WHAT YOU ARE ASKED TO DO: Write out the records once more, exactly, and keep any image out.

INFORMATION SHOWN:
Start of Block

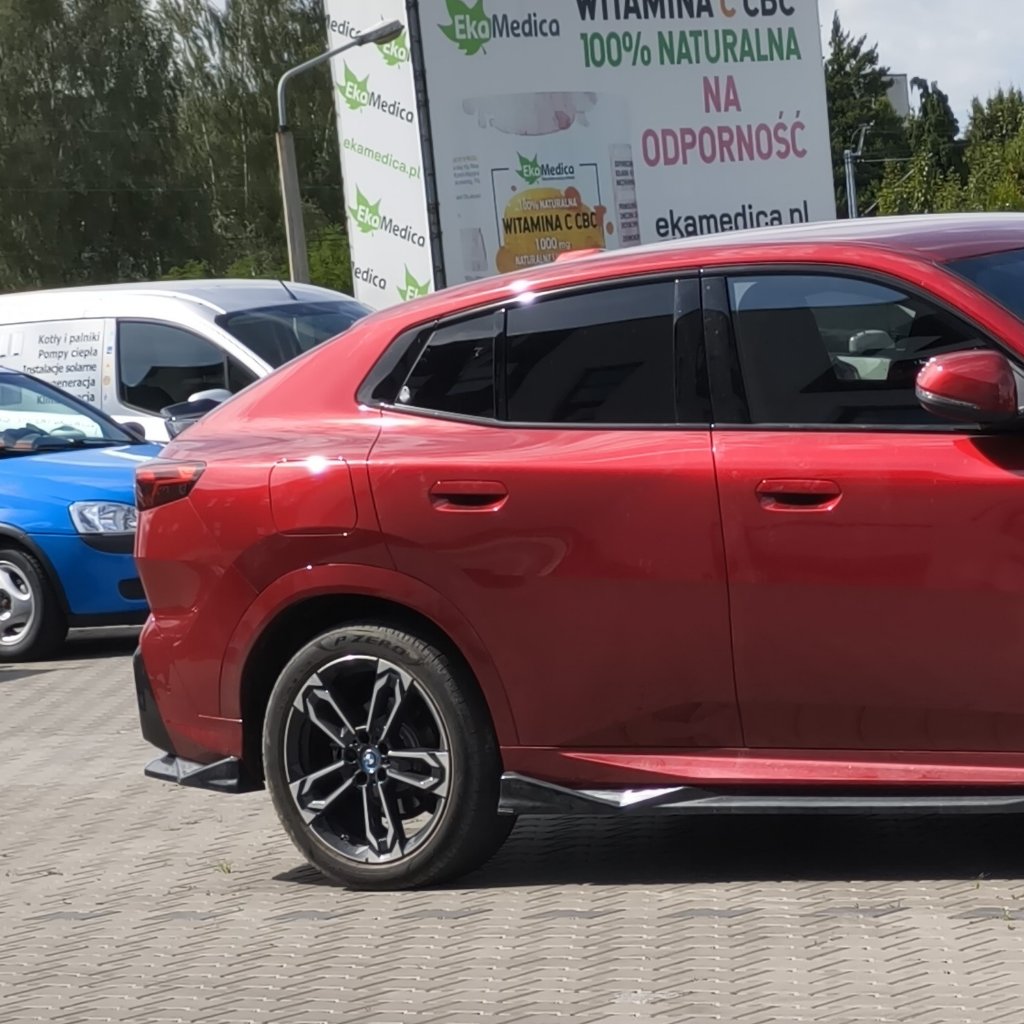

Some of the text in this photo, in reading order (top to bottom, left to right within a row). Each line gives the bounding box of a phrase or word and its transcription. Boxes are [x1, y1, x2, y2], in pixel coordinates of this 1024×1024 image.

[576, 0, 714, 21] WITAMINA
[580, 27, 802, 67] 100% NATURALNA
[703, 75, 742, 113] NA
[641, 110, 807, 167] ODPORNOŚĆ
[343, 138, 421, 179] ekamedica.pl
[502, 212, 598, 235] WITAMINA C CBC
[655, 200, 809, 238] ekamedicapl
[535, 238, 558, 250] 1000
[351, 261, 387, 290] edica
[39, 349, 68, 360] Pompy

End of Block

ANSWER SPACE:
Some of the text in this photo, in reading order (top to bottom, left to right within a row). Each line gives the bounding box of a phrase or word and its transcription. Boxes are [x1, y1, x2, y2], in pixel coordinates of this 1024×1024 image.

[576, 0, 714, 21] WITAMINA
[580, 27, 802, 67] 100% NATURALNA
[703, 75, 742, 113] NA
[641, 110, 807, 167] ODPORNOŚĆ
[343, 138, 421, 179] ekamedica.pl
[502, 212, 598, 235] WITAMINA C CBC
[655, 200, 809, 238] ekamedicapl
[535, 238, 558, 250] 1000
[351, 261, 387, 290] edica
[39, 349, 68, 360] Pompy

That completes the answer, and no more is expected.